Fundamentals of Computer Science I: Media Computing (CS151.02 2007F)

Merge Sort


Summary: In this laboratory, we consider merge sort, a more efficient technique for sorting lists of values.

Exercise 0: Preparation

Add the code from the end of this lab to your definitions pane.

Exercises

Exercise 1: Merging

a. Write an expression to merge the lists (1 2 3) and (1 1.5 2.3).

b. Write an expression to merge two identical lists of numbers. For example, you might merge the lists (1 2 3 5 8 13 21) and (1 2 3 5 8 13 21)

c. Write an expression to merge two lists of strings. (You may choose the strings yourself. Each list should have at least three elements.)

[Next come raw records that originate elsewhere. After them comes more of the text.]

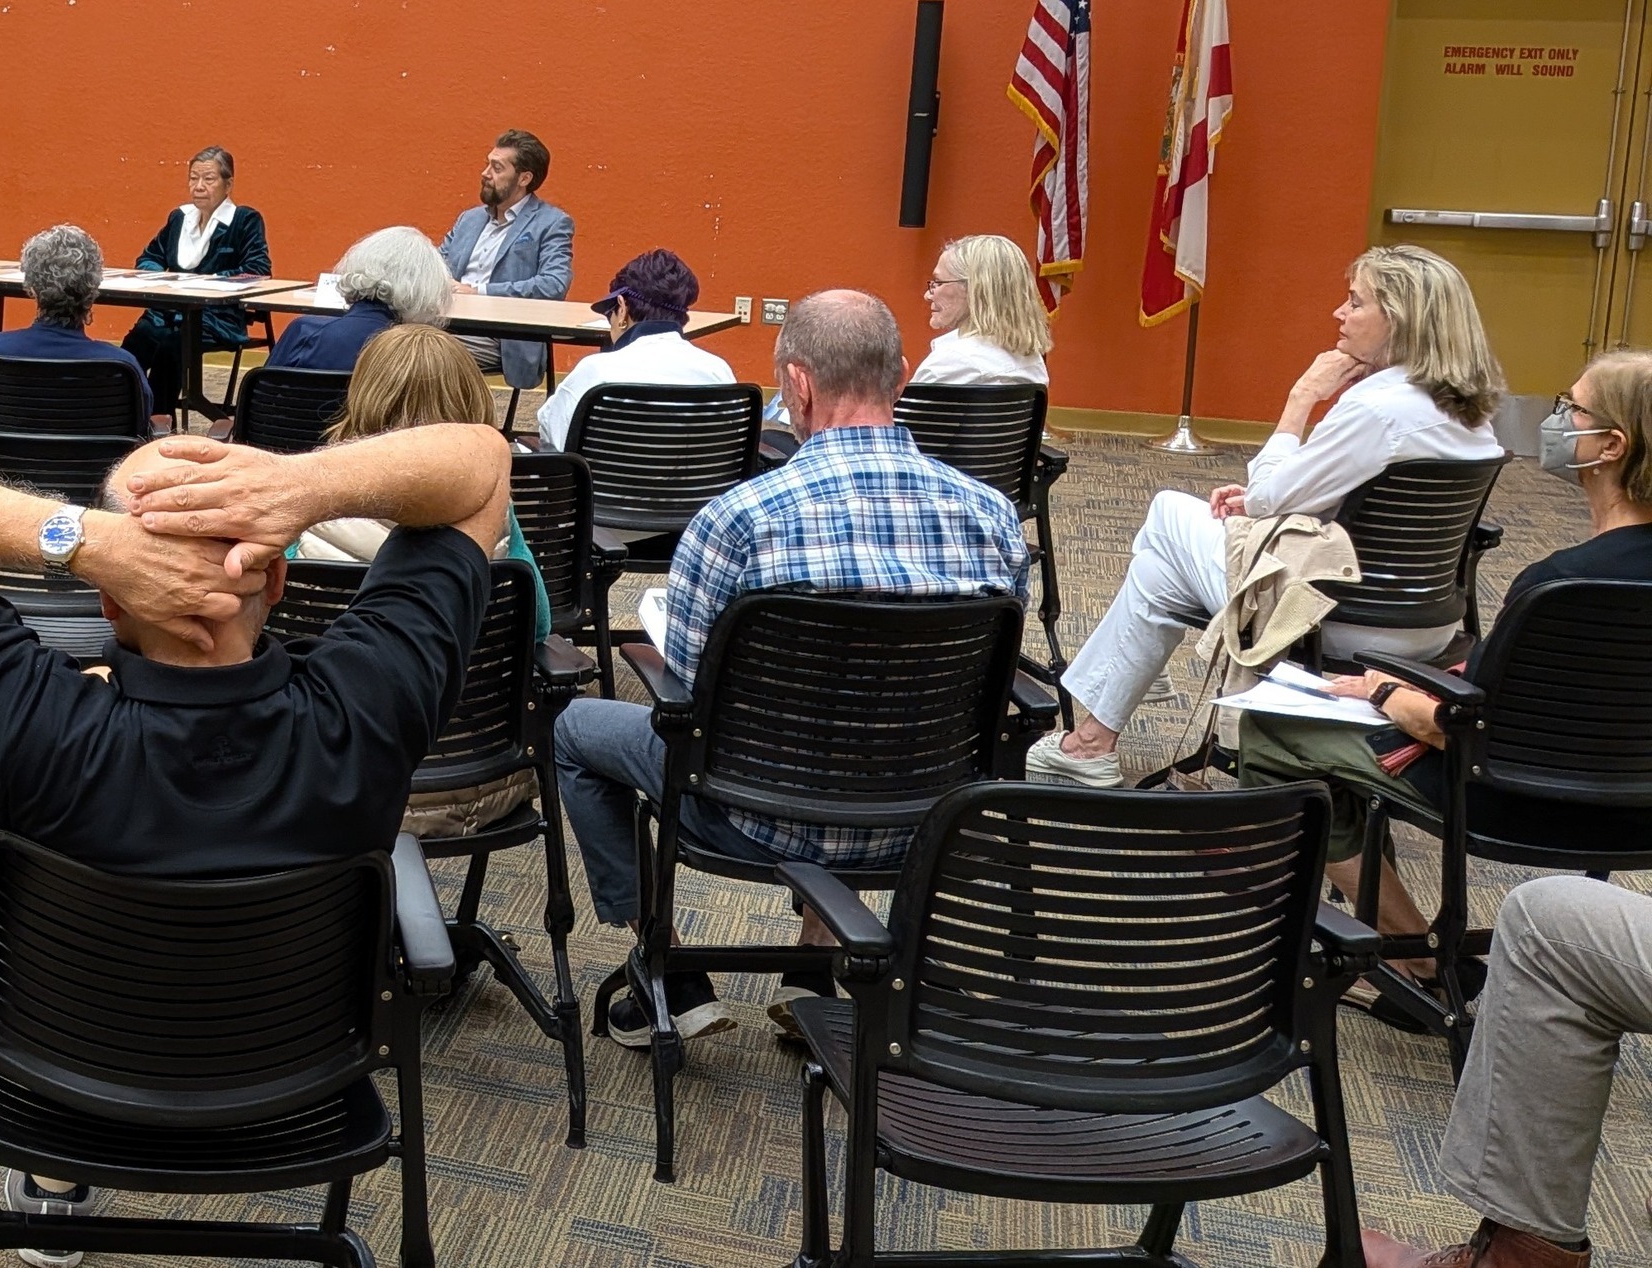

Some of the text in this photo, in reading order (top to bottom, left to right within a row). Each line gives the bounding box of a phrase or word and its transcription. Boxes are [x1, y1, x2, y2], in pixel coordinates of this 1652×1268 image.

[1444, 46, 1579, 60] EMERGENCY EXIT ONLY
[1444, 63, 1574, 77] ALARM WILL SOUND
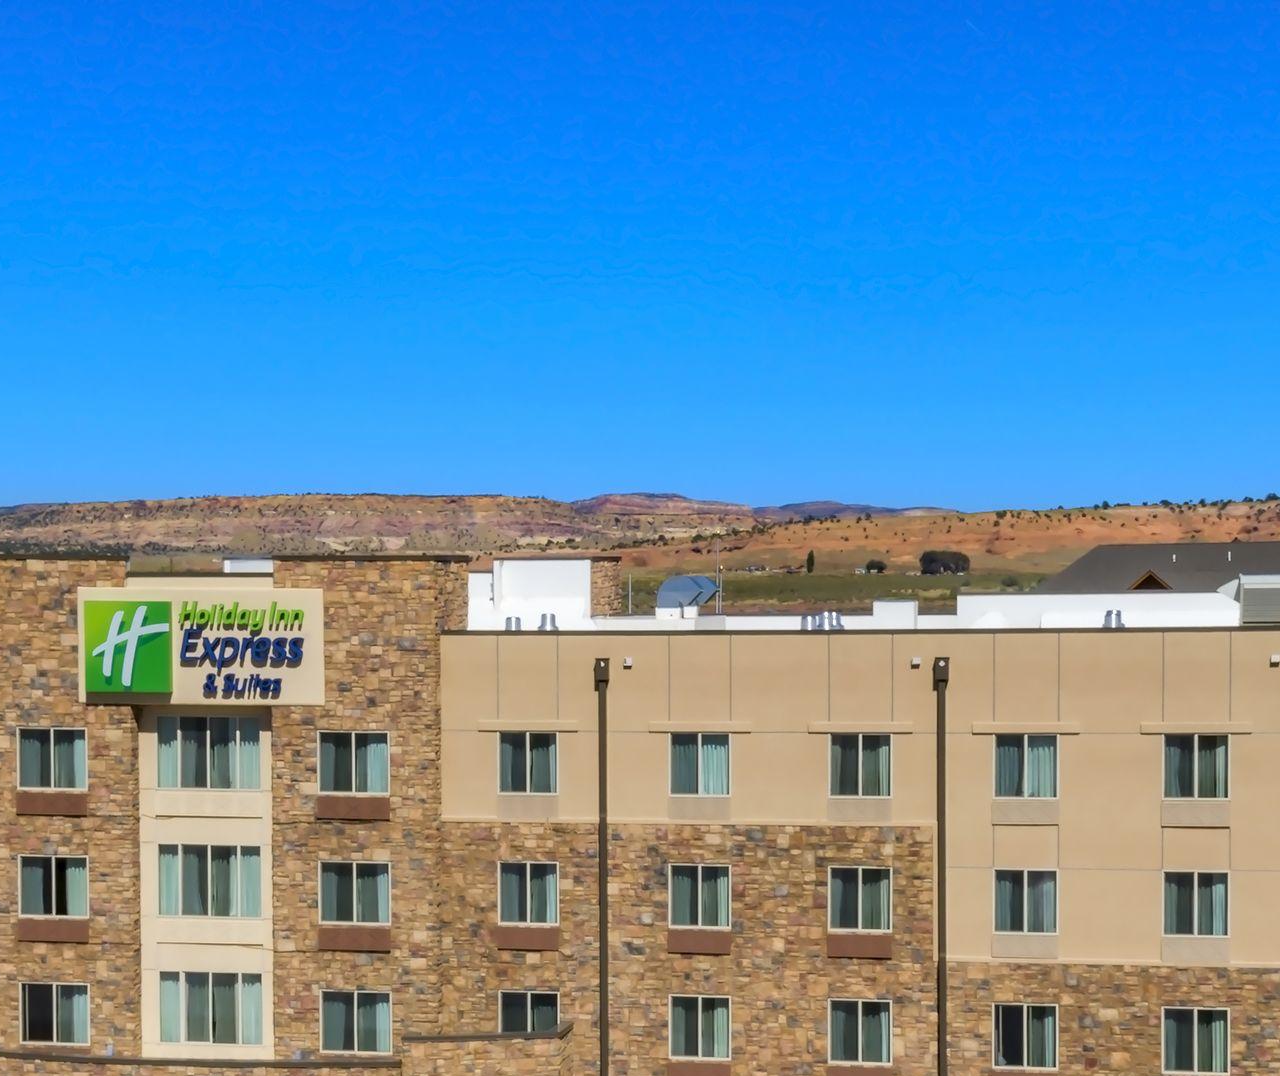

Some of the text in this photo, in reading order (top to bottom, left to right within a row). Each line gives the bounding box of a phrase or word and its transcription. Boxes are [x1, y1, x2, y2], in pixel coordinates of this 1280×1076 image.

[179, 601, 305, 631] Holiday Inn
[180, 628, 304, 671] Express
[203, 673, 282, 697] & Suites

d. Assume that we represent names as lists of the form (last-name first-name). Write an expression to merge the following two lists

(define mathstats-faculty
  (list (list "Chamberland" "Marc")
        (list "French" "Chris")
        (list "Jager" "Leah")
        (list "Kuiper" "Shonda")
        (list "Moore" "Emily")
        (list "Moore" "Tom")
        (list "Mosley" "Holly")
        (list "Roldan-Santos" "Christian")
        (list "Romano" "David")
        (list "Shuman" "Karen")
        (list "Wolf" "Royce")))

(define more-faculty
  (list (list "Moore" "Chuck")
        (list "Moore" "Ed")
        (list "Moore" "Gordon")
        (list "Moore" "Roger")))

Exercise 2: Reflecting on Merging

a. What will happen if you call merge with unsorted lists as the list parameters?

b. Check your answer by experimentation. To help you understand what is happening, you may wish to modify merge so that it displays the values of sorted1 and sorted2.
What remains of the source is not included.